Meaningful Distinction:

Patrick S. Lasswell Look outward for something to accomplish, not inward for something to despise.
pslblog at gmail dot com
Wednesday, December 03, 2003
Slightly to the Right of Attila the Hun

Growing up in a liberal household, I honestly could not tell you how many times I heard the phrase used to describe somebody to be dismissed. Discounting a person's ideas, making them a non-person was as simple as reciting a magic charm. Since the subject of these dismissals was usually not Vlad the Impaler, a case could probably be made that the character of the person in question was more nuanced than the dismissal allowed. That never happened, though. The charm was cast, the demon vanquished, and the world was restored to a glorious black and white certainty of us versus the fascists.

Roger L. Simon, an interesting person who has made a long intellectual journey against a tidal change in beliefs has come to the conclusion that the primary distinction in international politics today is in fact that simple: pro-fascist versus anti-fascist. What distinguishes his current insight is where he draws those lines. He claims that people in support, for whatever reason, of fascist regimes in Syria, Iran, Palestine, North Korea, or elsewhere are pro-fascist. People opposed to the continuing of totalitarian dictatorships are anti-fascist.

There is some concern amongst his readers that he should not be using the word fascist so often. They claim that it cheapens the word and reduces its impact. I understand that concern, the need to keep the word up on a high shelf and use it only sparingly to preserve its power. Regrettably, that semantic strategy functions only to preserve the power of the word, and does nothing to dissuade the hateful crime the word represents.

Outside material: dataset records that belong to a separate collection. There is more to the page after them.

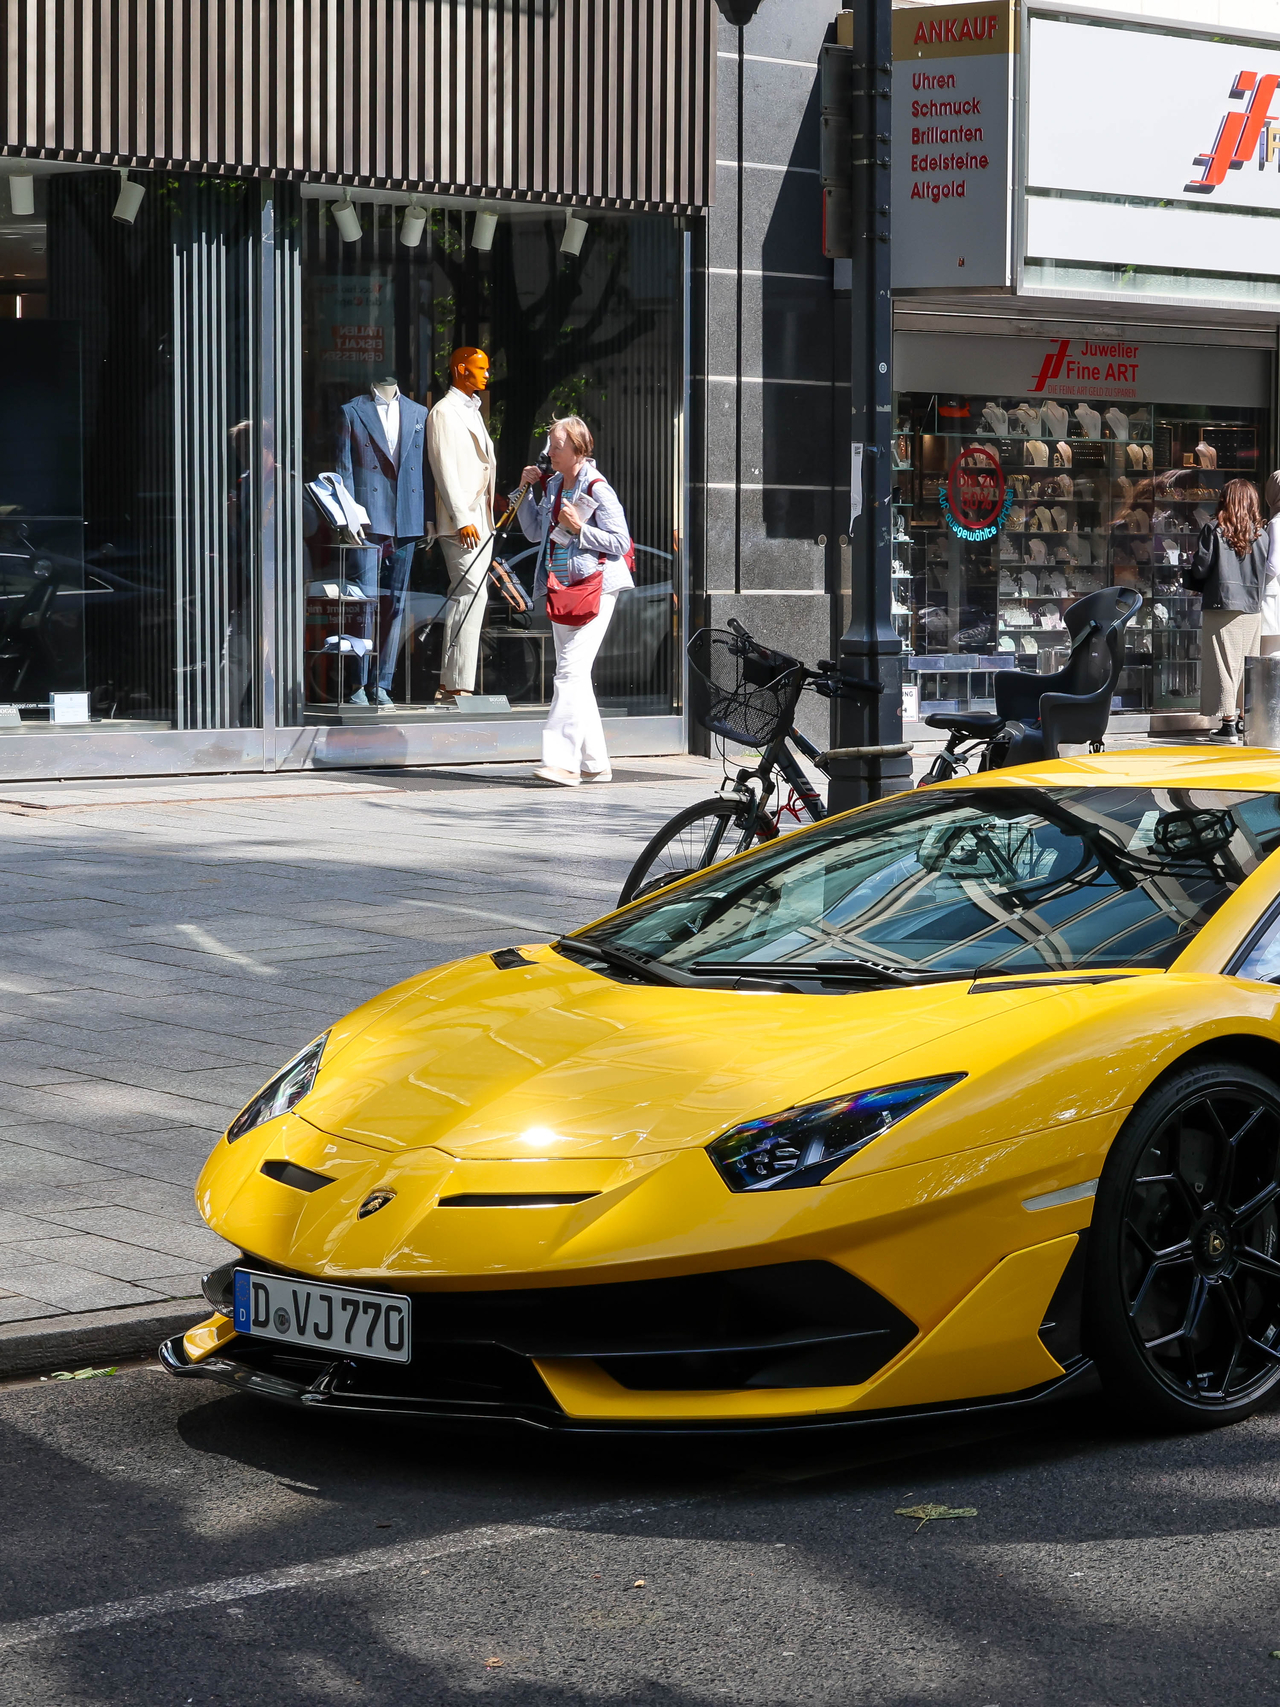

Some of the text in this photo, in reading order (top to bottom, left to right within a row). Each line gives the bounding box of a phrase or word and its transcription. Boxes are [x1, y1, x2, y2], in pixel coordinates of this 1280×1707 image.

[913, 15, 998, 45] ANKAUF
[912, 73, 956, 91] Uhren
[911, 97, 981, 118] Schmuck
[911, 125, 984, 145] Brillanten
[911, 152, 989, 172] Edelsteine
[910, 180, 967, 203] Altgold
[1081, 340, 1139, 359] Juwelier
[1066, 360, 1139, 383] Fine ART
[1047, 384, 1137, 398] DIE FEINE ART GELD ZU SPAREN
[956, 470, 998, 489] Bis zu
[961, 491, 993, 510] 50%
[938, 486, 1014, 541] Auf ausgewählte Artikel
[239, 1308, 247, 1322] D
[251, 1281, 404, 1352] D VJ 770

One of the things preserving the power of the word fascist on the internet has been an acceptance of Godwin's Law, which states: "if you mention Hitler or Nazis in a post, you've automatically ended whatever discussion you were taking part in". Although this law functioned to hold down a veneer of civility in the early days of the internet, it also functioned to suppress discussion of very real threats to human freedom. It is time to repeal Godwin's Law in our own minds and have a discourse on the very real existence of totalitarian oppression in the world today. We also need to have a very clear idea of what our belief, statements, and actions do to empower or dissuade oppressive regimes, and that cannot take place if certain words are given magical powers.

Saddam Hussein made Vlad the Impaler look like a piker. The death toll in his war against Iran made the top-five list of wars in the industrialized killing twentieth century. Hundreds of thousands of his own countrymen were brutally murdered to maintain a constant terror of his regime. It can never be known how many women were raped by the official "defilers of women's honor" employed by his security apparatus. He was more than slightly to the right of Attila the Hun. Sean Penn and many others supported Hussein's regime, openly and without coercion. Sean Penn and many others need to be confronted for this, not on the basis of left versus right or conservative versus liberal. Sean Penn and many others need to be confronted with their decision to be pro-fascist, just like Lindbergh was.